Ice Age Wooly Mammoths Migrated To Siberia
In the largest DNA study of the ancient wooly mammoths, Canadian scientists have discovered that the last Siberian wooly mammoths may actually have originated in North America.
The study also raises questions about the role climate change may have played in the mammals’ demise. They believe the mammoths likely survived through the period when the ice sheets were at their largest, even as other Ice Age mammals were wiped out.
The woolly mammoth, also known as Mammuthus primigenius, inhabited mainland Eurasia and North America during the Ice Age, until about 10,000 years ago. It was previously believed that the last mammoths in Siberia were actually from North America, although more evidence was needed to support the theory.
Researchers led by Professor Hendrik Poinar from McMaster University in Canada collected 160 mammoth samples from across Holarctica, a region including present-day Asia, North America and Europe.
The team obtained well-preserved material between 4,000 and 40,000 years old, with DNA samples of “almost every part of the animal – even from preserved hind, skin and hair”, Professor Poinar told BBC News.
The team then analyzed DNA from mitochondria, genetic material passed from mother to offspring, which can identify the ancestry of a species for many hundreds of generations. This genetic information proved that a North American mammoth population had replaced those endemic to Asia, although the scientists said it was difficult to speculate why the North American mammoths had returned to Siberia.
“Presumably, conditions were favorable on the Bering land bridge which was more of a large filter than an open highway,” Professor Poinar said, adding that the expansion of North American forests may have “pushed the mammoths along”.
The Bering land bridge was a large tundra plain that connected North America and Asia, possibly enabling the migration of humans from Asia to the Americas. At its largest, it extended about 1,000 miles from north to south, and was alternately exposed and submerged as global sea levels changed during the Plestocene era. The land bridge was flooded and eventually became the Bering Strait about 11,000 years ago.
The native Siberian mammoths had different molar features and a “very unique DNA signature” dated to be nearly 900,000 years old. They may have been around for much of the Middle Pleistocene, scientists said, but completely disappeared around the same time the North American forests expanded. It is not clear if the Siberian mammoths experienced a “natural decline” or if the North American mammoths simply out-competed them.
It is possible that the endemic Siberian may not have been a true woolly mammoth, but rather a more primitive species.
“Many people thought that this (primitive) species had become extinct way before 38,000 years ago,” said Professor Poinar.

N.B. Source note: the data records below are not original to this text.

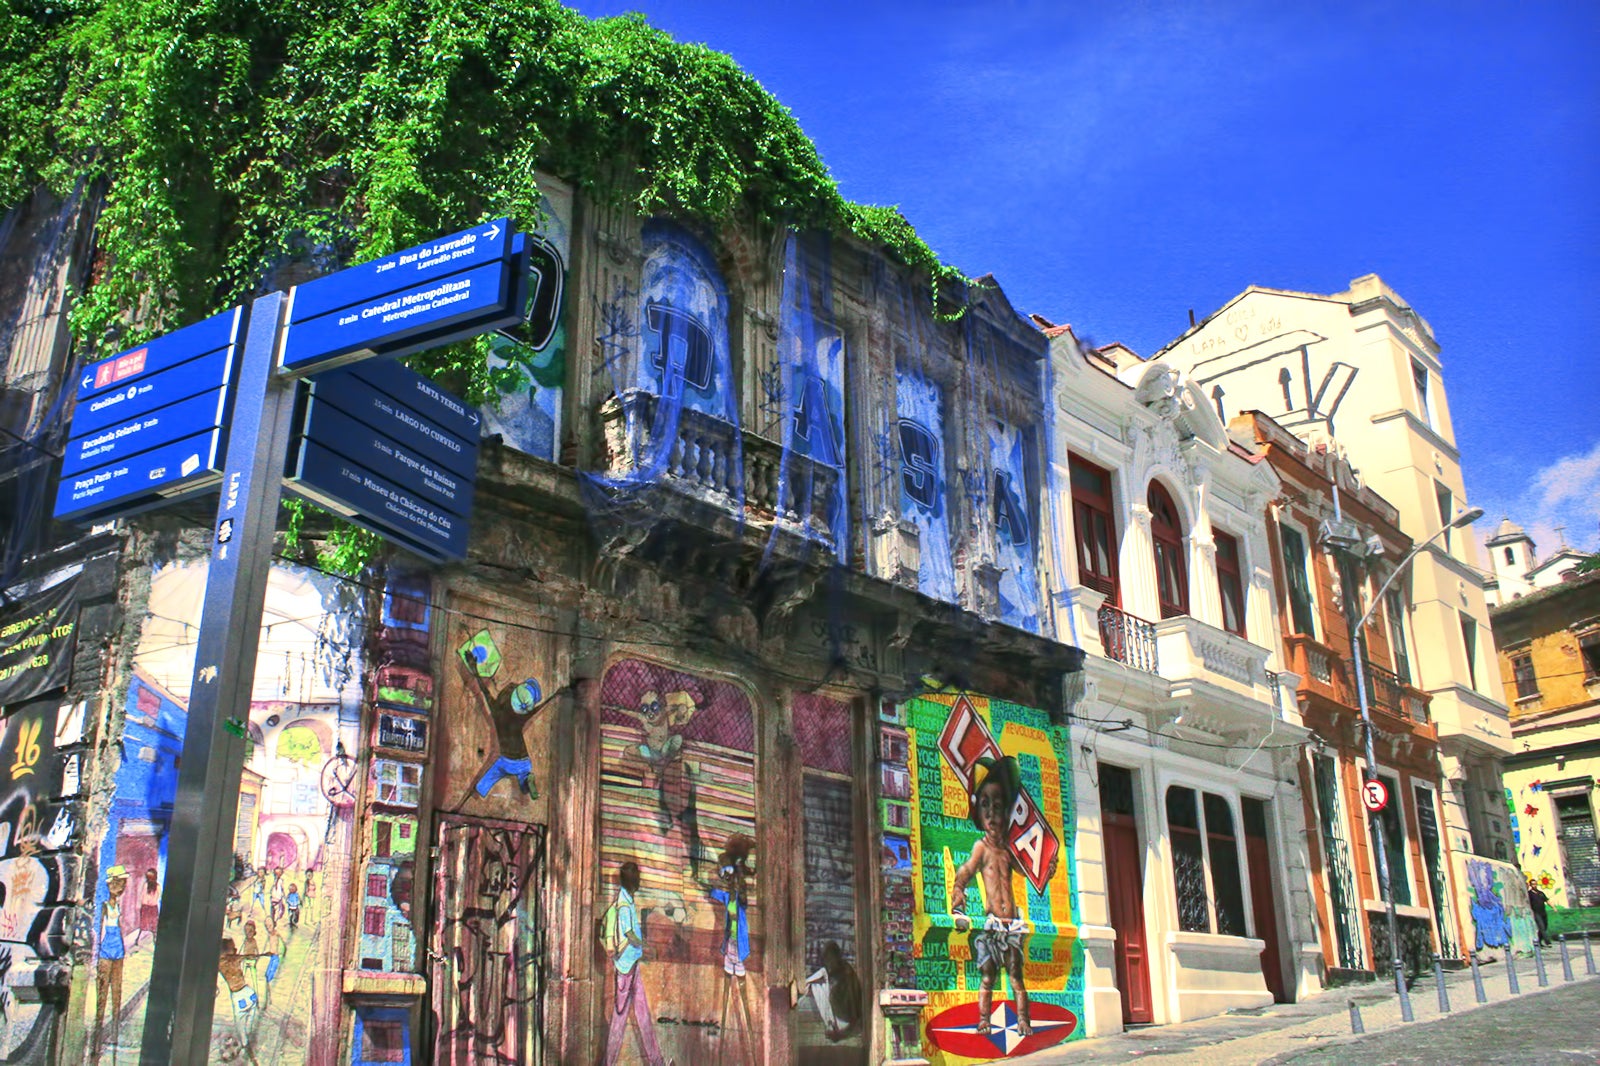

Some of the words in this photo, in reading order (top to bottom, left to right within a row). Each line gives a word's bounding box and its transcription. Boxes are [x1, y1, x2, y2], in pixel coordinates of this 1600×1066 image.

[399, 252, 418, 266] Rua
[419, 246, 432, 259] do
[433, 233, 477, 255] Lavradio
[417, 252, 451, 270] Lavradio
[451, 245, 475, 260] Street
[361, 298, 401, 319] Catedral
[401, 278, 471, 307] Metropolitana
[382, 303, 431, 324] Metropolitan
[431, 290, 470, 309] Cathedral
[416, 381, 440, 401] SANTA
[440, 395, 465, 416] TERESA
[395, 409, 420, 430] LARGO
[420, 423, 431, 436] DO
[430, 430, 461, 453] CURVELO
[395, 450, 420, 470] Parque
[420, 464, 433, 477] das
[74, 476, 96, 490] Praça
[94, 471, 112, 484] Paris
[226, 471, 240, 510] LAPA
[442, 487, 455, 500] Park
[363, 477, 389, 498] Museu
[389, 491, 399, 503] da
[399, 496, 428, 518] Chácara
[428, 510, 438, 522] do
[438, 516, 451, 530] Céu
[408, 512, 417, 522] do
[427, 522, 450, 539] Museum
[14, 717, 42, 768] 16
[917, 748, 940, 768] YOGA
[1017, 752, 1040, 772] BIRA
[918, 767, 941, 784] ARTE
[919, 782, 942, 800] JESUS
[920, 798, 944, 815] CRISTO
[943, 800, 968, 818] FLOW
[920, 813, 943, 829] CASA
[943, 817, 955, 831] DA
[922, 850, 945, 867] ROCK
[923, 866, 945, 884] BIKE
[924, 898, 946, 914] VINIL
[923, 942, 949, 958] LUTA
[949, 944, 971, 960] AMOR
[1028, 947, 1052, 962] SKATE
[914, 960, 957, 977] NATUREZA
[915, 976, 956, 991] ROOTS

“Paleontologists were not so happy because these are the intricacies of DNA that are very difficult to discern based on mammoth tusks and teeth,” he said.
Scientists are only now beginning to understand the dynamic evolutionary story of these iconic Ice Age mammals.
“This study adds to a growing body of evidence about just how dramatic and tumultuous the Pleistocene climate actually was,” Dr Beth Shapiro, Penn State University scientist, told BBC News.
“With ancient DNA, we can actually go back in time and look directly at these old populations.
“Here we have evidence of local extinctions, replacements and long-distance dispersals,” she said.
Their research was published in the journal Current Biology.